**The task**
Exact copy without images: repeat every entry as written.

┌──

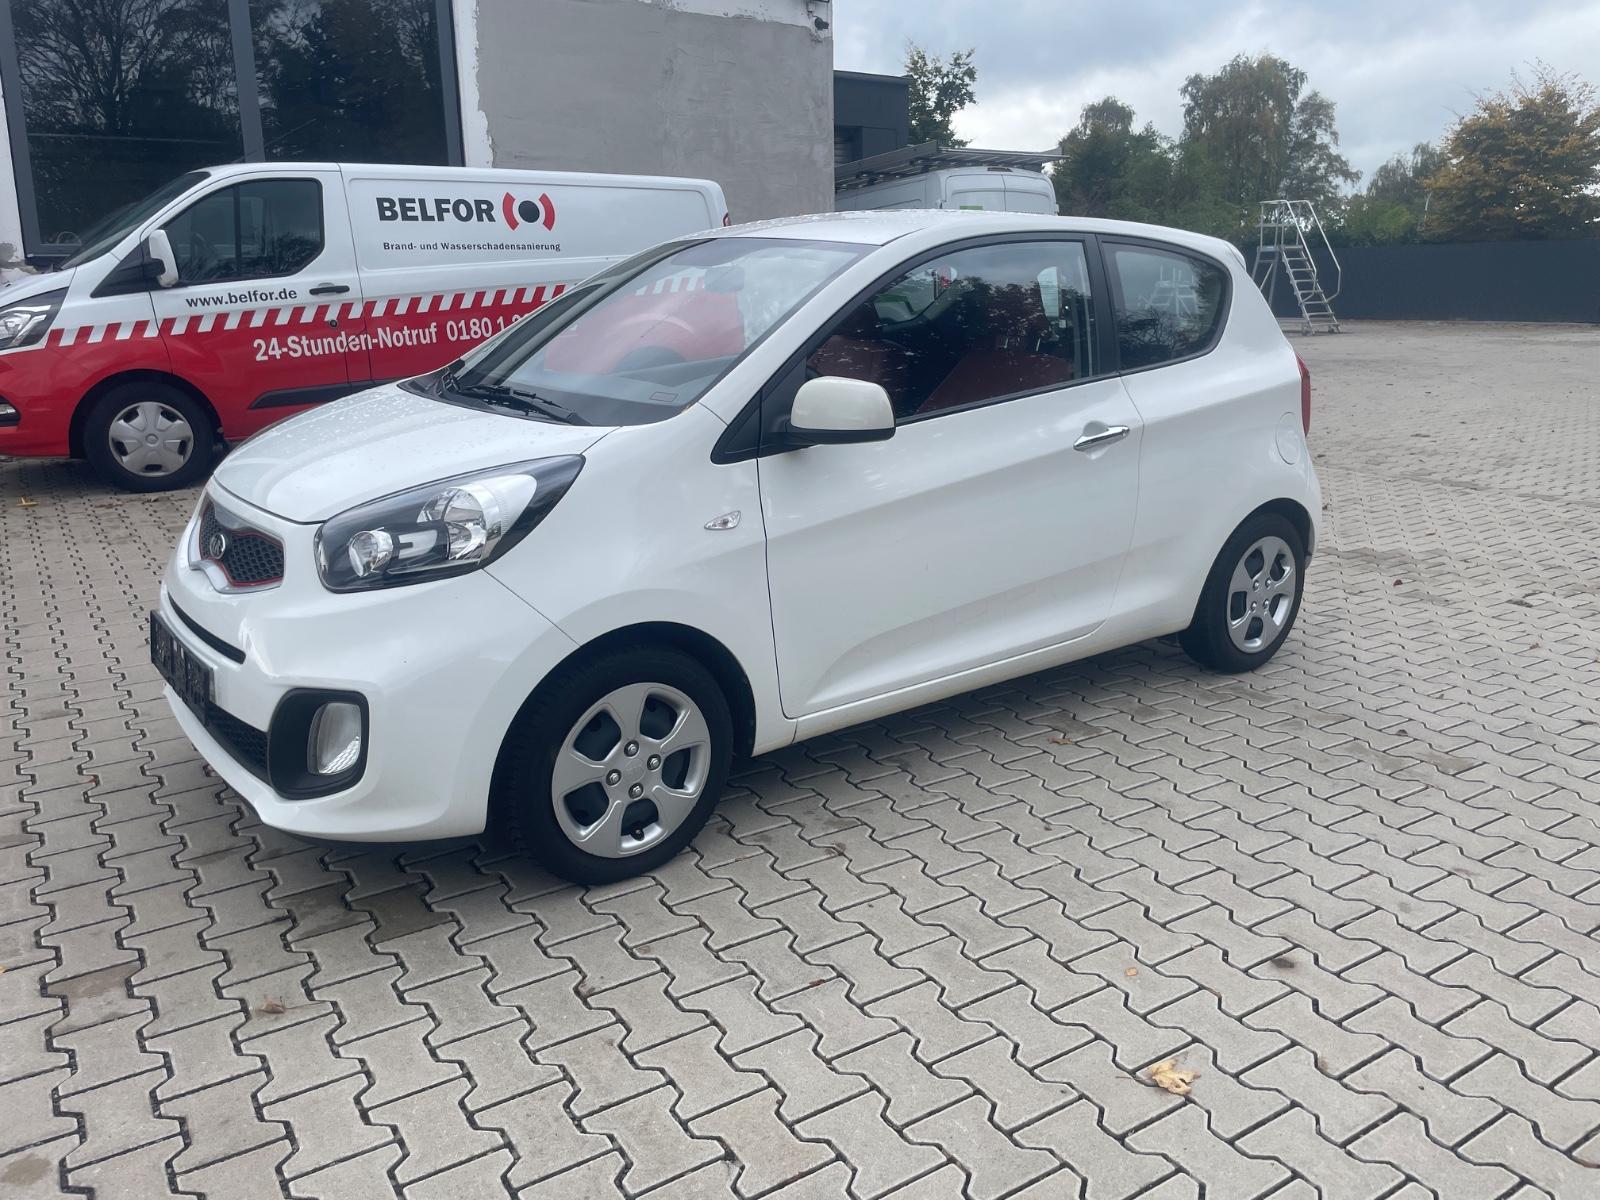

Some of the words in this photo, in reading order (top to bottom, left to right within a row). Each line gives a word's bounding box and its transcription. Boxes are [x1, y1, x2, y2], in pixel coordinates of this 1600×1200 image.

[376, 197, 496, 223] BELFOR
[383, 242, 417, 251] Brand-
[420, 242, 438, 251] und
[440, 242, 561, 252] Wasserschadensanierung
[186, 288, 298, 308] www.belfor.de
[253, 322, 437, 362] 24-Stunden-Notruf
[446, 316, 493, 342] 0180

└──

**Solution**
Some of the words in this photo, in reading order (top to bottom, left to right within a row). Each line gives a word's bounding box and its transcription. Boxes are [x1, y1, x2, y2], in pixel coordinates of this 1600×1200 image.

[376, 197, 496, 223] BELFOR
[383, 242, 417, 251] Brand-
[420, 242, 438, 251] und
[440, 242, 561, 252] Wasserschadensanierung
[186, 288, 298, 308] www.belfor.de
[253, 322, 437, 362] 24-Stunden-Notruf
[446, 316, 493, 342] 0180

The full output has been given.